Freedom News

Peterborough Mayor bans public from meetings over spycop councillor protests

Having suspended a chaotic council meeting last week amid noisy protests demanding the resignation of former spycop (and current councillor) Andy Coles, Peterborough Mayor John Fox closed today’s planned meeting to the public entirely today fearing “equally disruptive” actions.

Mayor Fox, who was himself a former police officer with the Cambridge force for 23 years and only retired as a community police officer last year, serves with Mr Coles as a fellow Conservative councillor. In a statement, he said:

Based on information from officers and the police, I feel I have grounds to expect a similar protest at the reconvened meeting on July 26th.  There is no evidence that the circumstances around the protest have changed, if anything it may be on a larger scale. I believe that there is a strong possibility that the demonstration will be equally, or perhaps even more disruptive.

As such, it is with the greatest reluctance that I have taken the decision, under my inherent powers as chairman, to exclude the public from the council chamber and public gallery at the reconvened council meeting. I have come to this view after very carefully weighing up the needs to secure the safety of the public and members, and the need to ensure that the legitimate democratic processes of the council are not further frustrated.  In forming this view I have taken the advice of officers, the police and the council’s legal officer.

Last Wednesday saw a council meeting at Peterborough Town Hall closed after around 30 people demonstrated, talking to councillors and the public, and handing out leaflets detailing Coles’ past as someone who had been involved in activist circles as an undercover police officer. Coles was one of several officers to deceive women into a relationship in the course of their deployment, in his case with a 19-year-old animal rights activist, known as Jessica. In a report, COPs said:

He groomed Jessica for a relationship. He told her he was 24 when he was in fact 32 and already married. When she discovered his true identity in May this year she spoke out, explaining that “Although not legally underage, I feel that my youth and vulnerability were used to target me. I was groomed by someone much older, and far more experienced (he had been an acting police officer for 10 years) and I was manipulated into having a sexual relationship with him.”

The meeting began at 7pm but lasted less than five minutes. People in the public gallery asked why Coles was present when anyone else, so damningly unmasked, would be suspended or – as he has done from the Deputy PCC post – resign.

A banner painted by Jessica herself was hung from the public gallery saying HUMAN RIGHTS ABUSER ANDY COLES. It is not a controversial statement, it merely echoes how his erstwhile employers have described officers like him. The mayor adjourned the meeting and refused to reconvene it until the banner was removed.

The people in the gallery refused to remove the banner until Coles left the building. Jessica, and those like her, have been quiet for too long already. Coles refused to leave and so, after an hour’s standoff, the mayor formally abandoned the meeting. The people in the public gallery left, vowing to return next week and bring their friends.
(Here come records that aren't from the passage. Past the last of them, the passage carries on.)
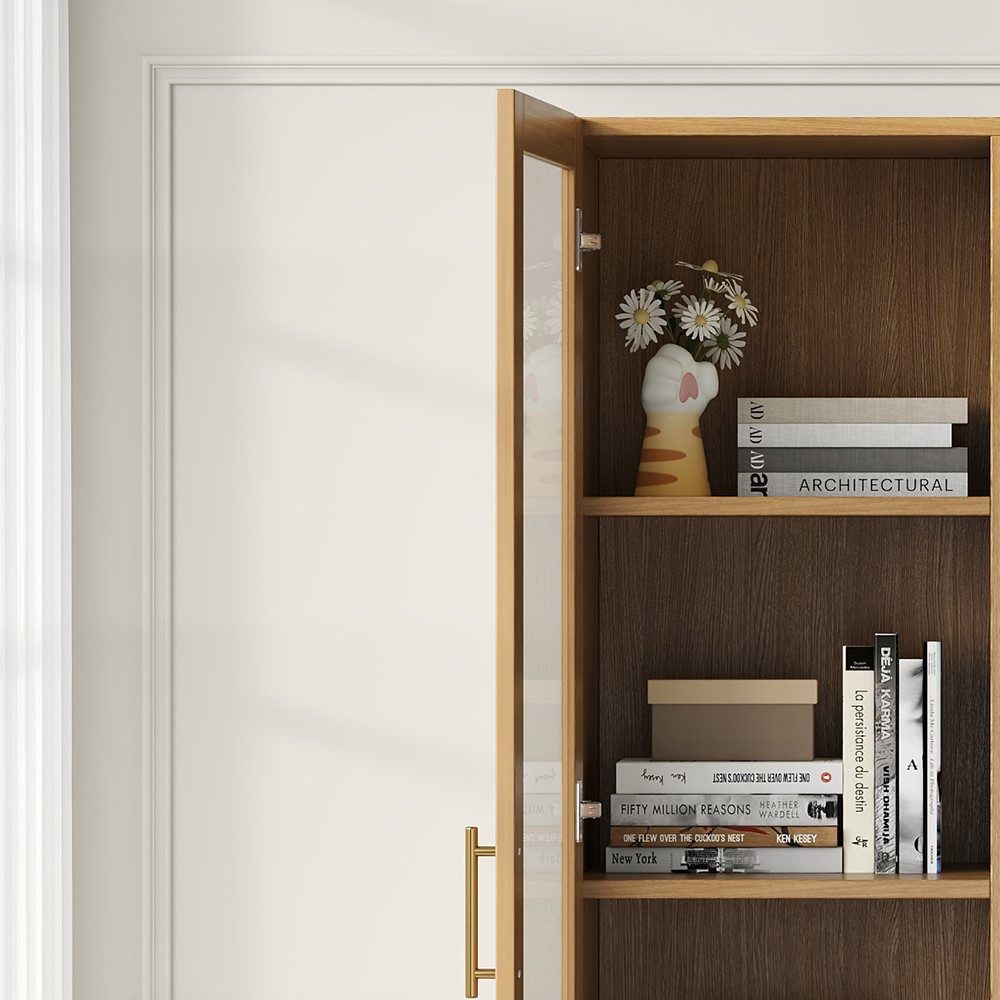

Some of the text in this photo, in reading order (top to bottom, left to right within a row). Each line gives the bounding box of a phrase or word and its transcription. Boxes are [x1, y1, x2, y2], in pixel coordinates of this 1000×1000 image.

[799, 478, 954, 492] ARCHITECTURAL
[880, 688, 892, 740] KARMA
[851, 689, 869, 813] La persistance du destin
[712, 773, 727, 783] NEST
[755, 773, 767, 783] THE
[767, 773, 783, 783] OVER
[783, 773, 798, 783] FLEW
[799, 773, 811, 783] ONE
[882, 765, 890, 793] VISH
[620, 803, 752, 816] FIFTY MILLION REASONS
[759, 801, 799, 810] HEATHER
[758, 810, 801, 819] WARDELL
[881, 795, 890, 845] DHAMIJA
[623, 833, 818, 843] ONE FLEW OVER THE CUCKOO'S NEST KEN KESEY
[611, 852, 633, 865] New
[635, 851, 658, 865] York
His clinging to the equally untenable position of councillor is insulting to the women he abused and to the council itself. He must go.

Coles, who resigned from his role as Deputy Police & Crime Commissioner for Cambridgeshire after he was exposed, still clings on to other positions. Alongside his role as a councillor he is the governor of two schools – West Park Primary and the Voyager Academy.

It’s been seven years since the first bunch of spycops were exposed. A group of eight women who were deceived into intimate relationships by undercover officers brought a case against the police. They asserted that this was not merely deceit, but a strategy by the agents of Britain’s political secret police. They didn’t sue the officers who abused them, but the the employers who devised and enacted the strategy.

In 2015, after four years of police stonewalling, they received a landmark apology. The cases also sparked the Pitchford Inquiry, which is ongoing.